INSTRUCTIONS FOR THE TASK
Would you transcribe the records below from the line with "this 1512×1344 image." to the line with "this 1500×1000 image.", ends included, exactly and with nothing more, leaving the pictures out?

DATASET RECORDS section start

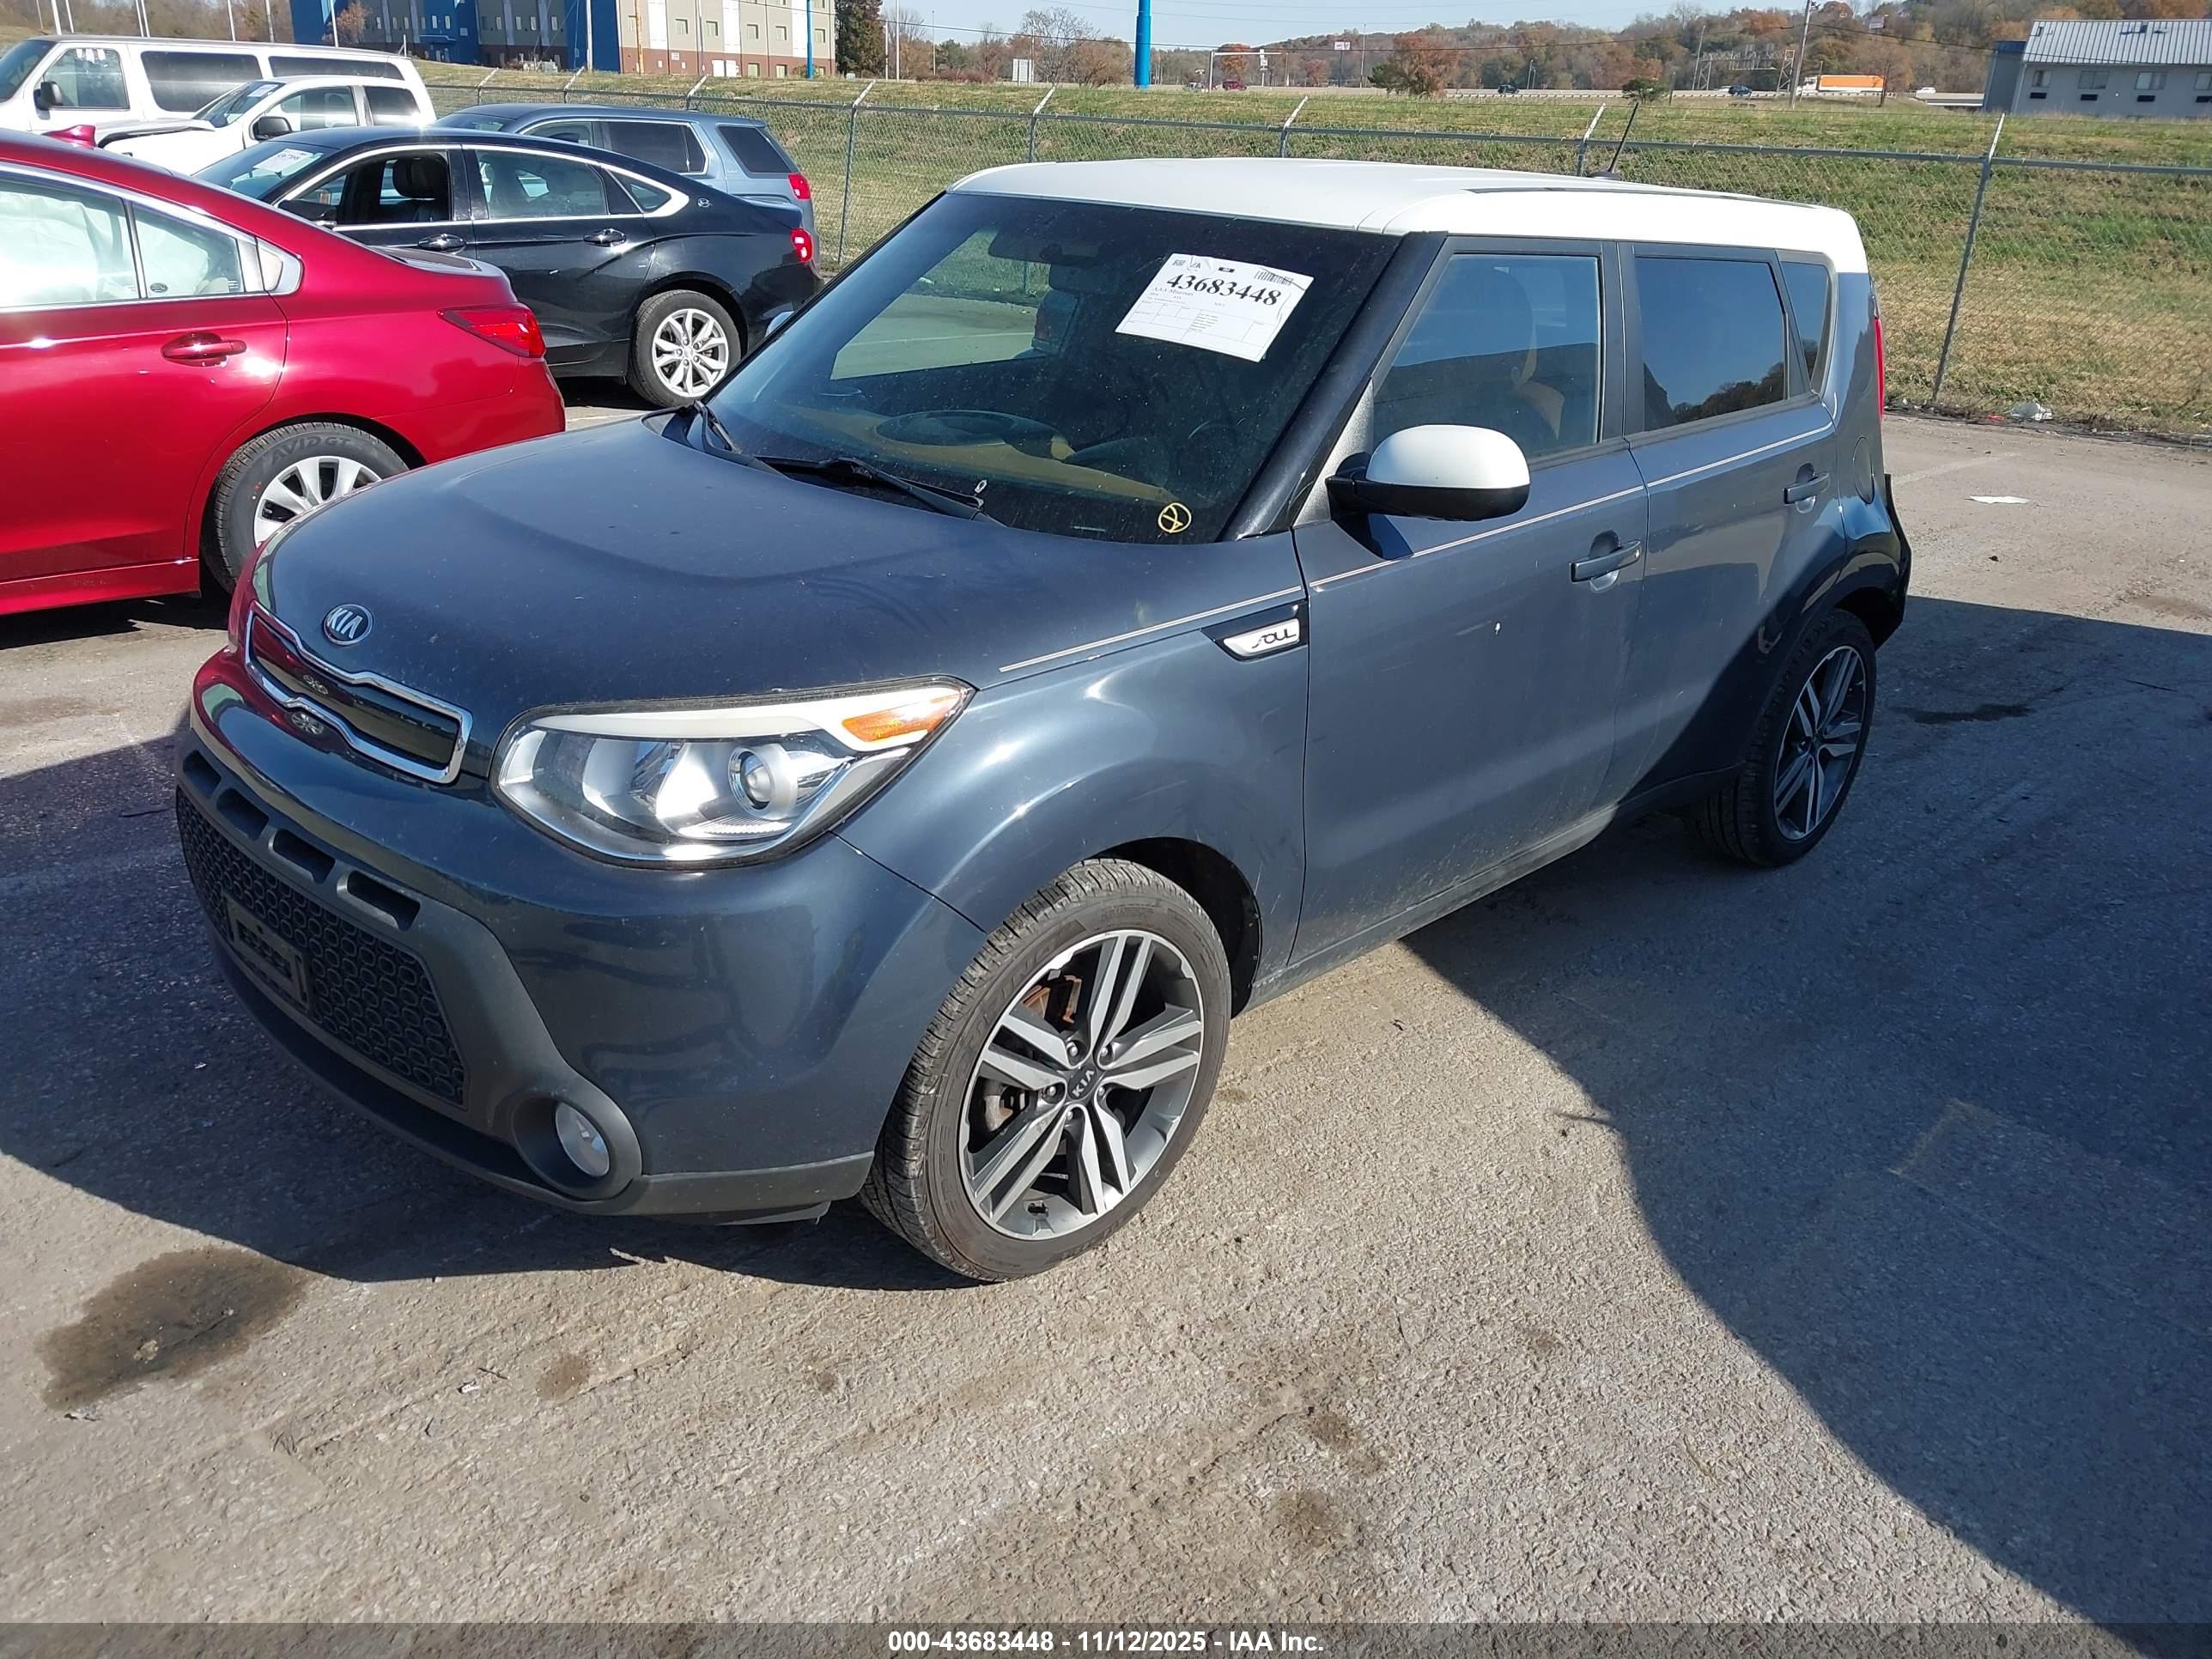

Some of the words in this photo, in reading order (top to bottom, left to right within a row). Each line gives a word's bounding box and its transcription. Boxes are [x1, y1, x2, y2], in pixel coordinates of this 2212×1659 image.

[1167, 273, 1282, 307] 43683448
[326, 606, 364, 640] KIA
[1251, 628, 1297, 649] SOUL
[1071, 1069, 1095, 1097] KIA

DATASET RECORDS section end
DATASET RECORDS section start

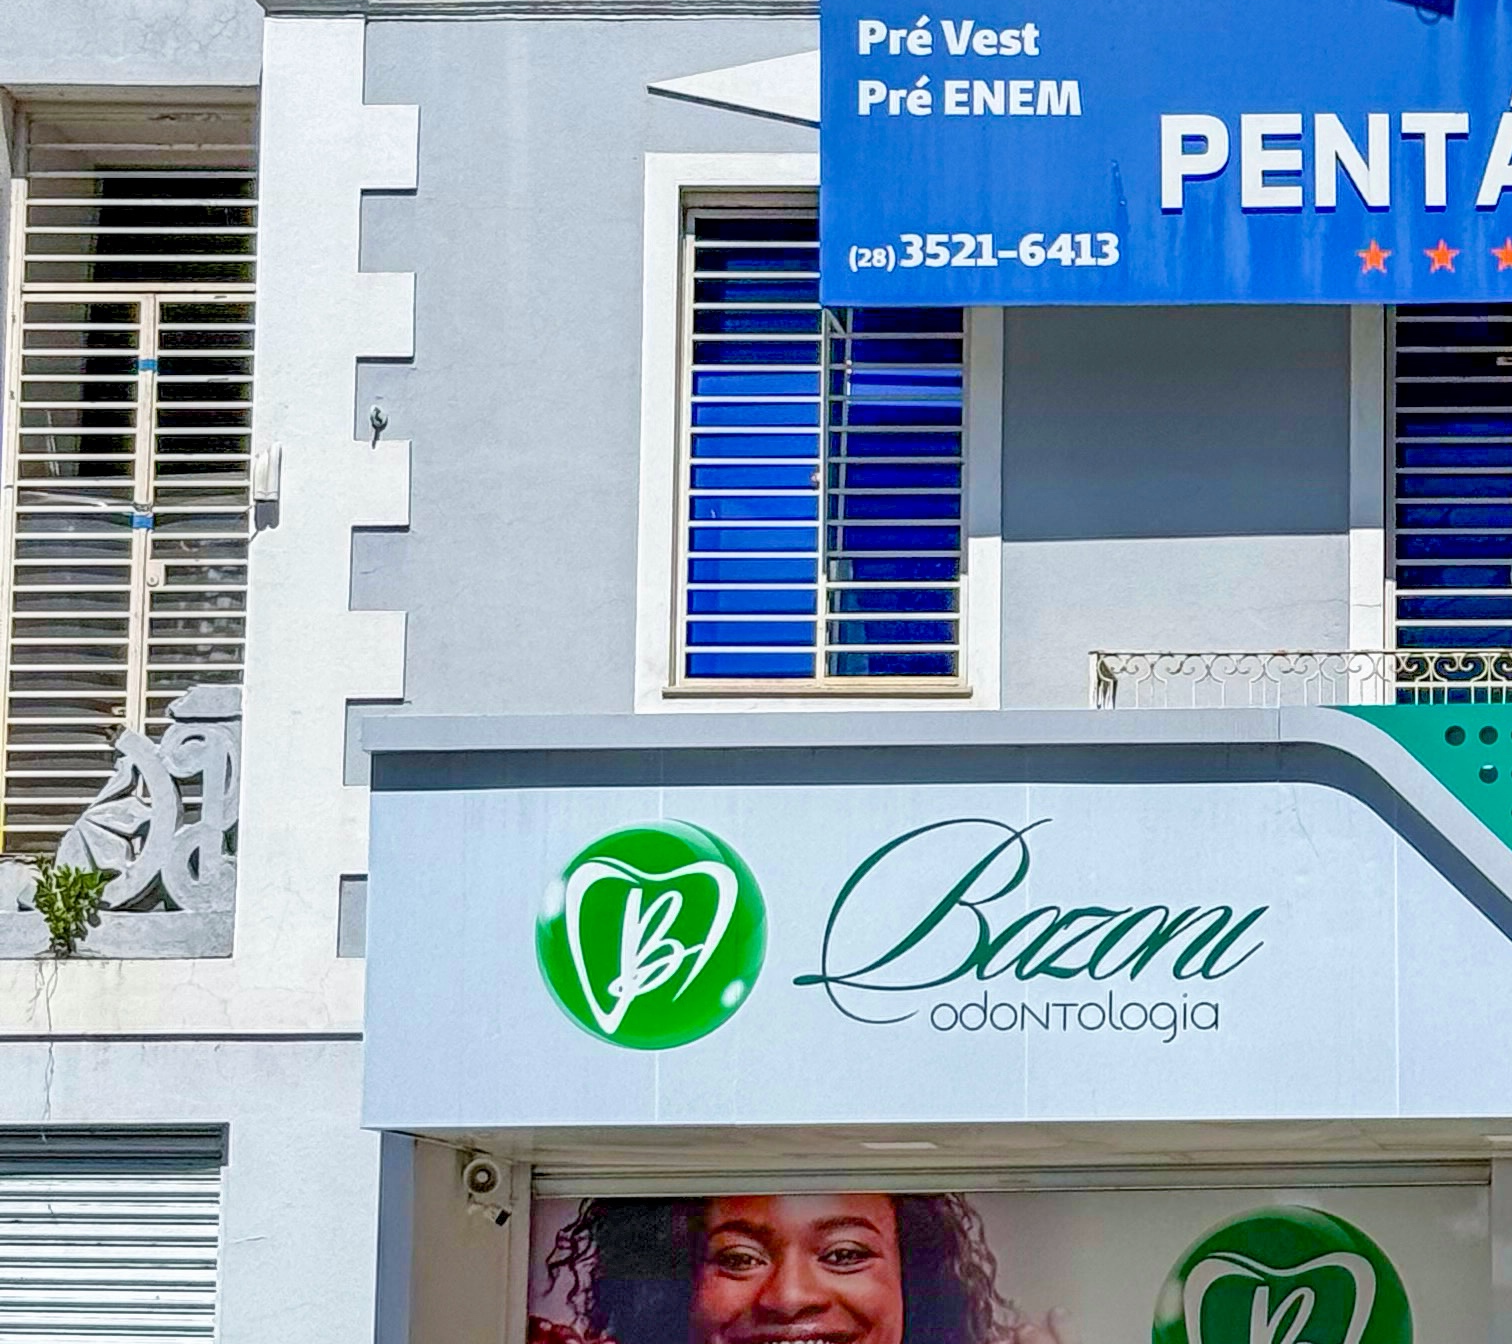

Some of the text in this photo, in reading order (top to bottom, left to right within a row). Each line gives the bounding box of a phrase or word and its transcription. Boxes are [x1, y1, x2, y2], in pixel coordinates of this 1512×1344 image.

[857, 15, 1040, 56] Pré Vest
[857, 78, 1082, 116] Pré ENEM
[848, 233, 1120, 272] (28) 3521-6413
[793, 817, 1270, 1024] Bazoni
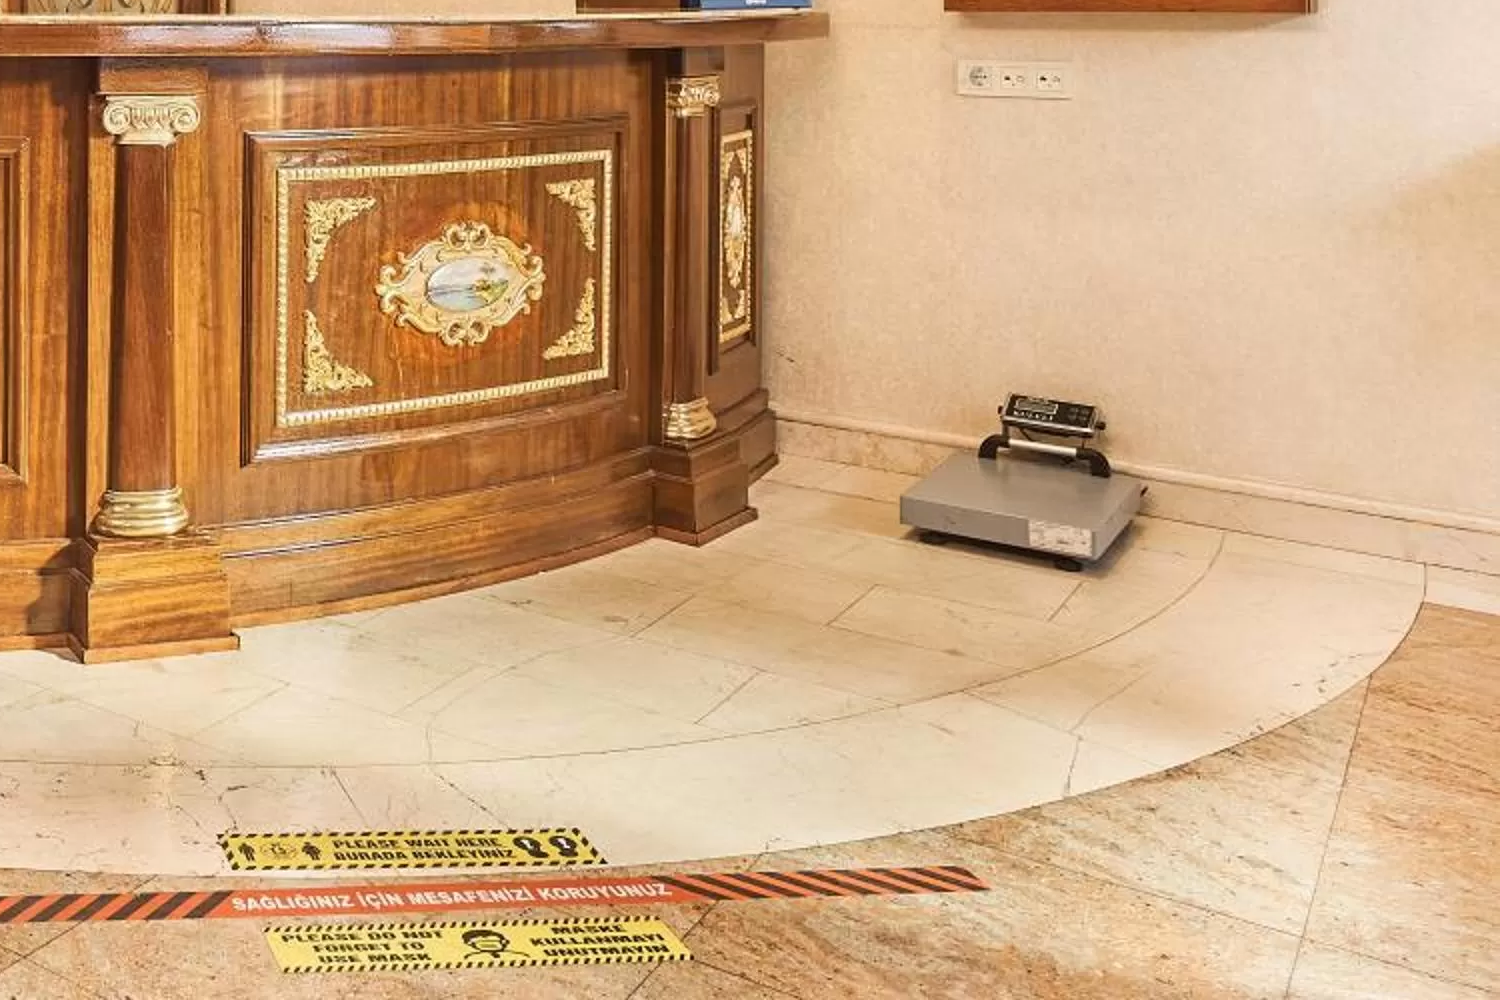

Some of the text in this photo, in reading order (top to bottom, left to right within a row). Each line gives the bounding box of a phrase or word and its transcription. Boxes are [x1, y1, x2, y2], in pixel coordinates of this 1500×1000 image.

DATASET RECORDS section end

REPLY
Some of the text in this photo, in reading order (top to bottom, left to right within a row). Each line gives the bounding box of a phrase or word and its transcription. Boxes are [x1, y1, x2, y2], in pixel coordinates of this 1512×1344 image.

[857, 15, 1040, 56] Pré Vest
[857, 78, 1082, 116] Pré ENEM
[848, 233, 1120, 272] (28) 3521-6413
[793, 817, 1270, 1024] Bazoni

Some of the text in this photo, in reading order (top to bottom, left to right within a row). Each line gives the bounding box of a phrase or word and its transcription. Boxes are [x1, y1, x2, y2], in pixel coordinates of this 1500×1000 image.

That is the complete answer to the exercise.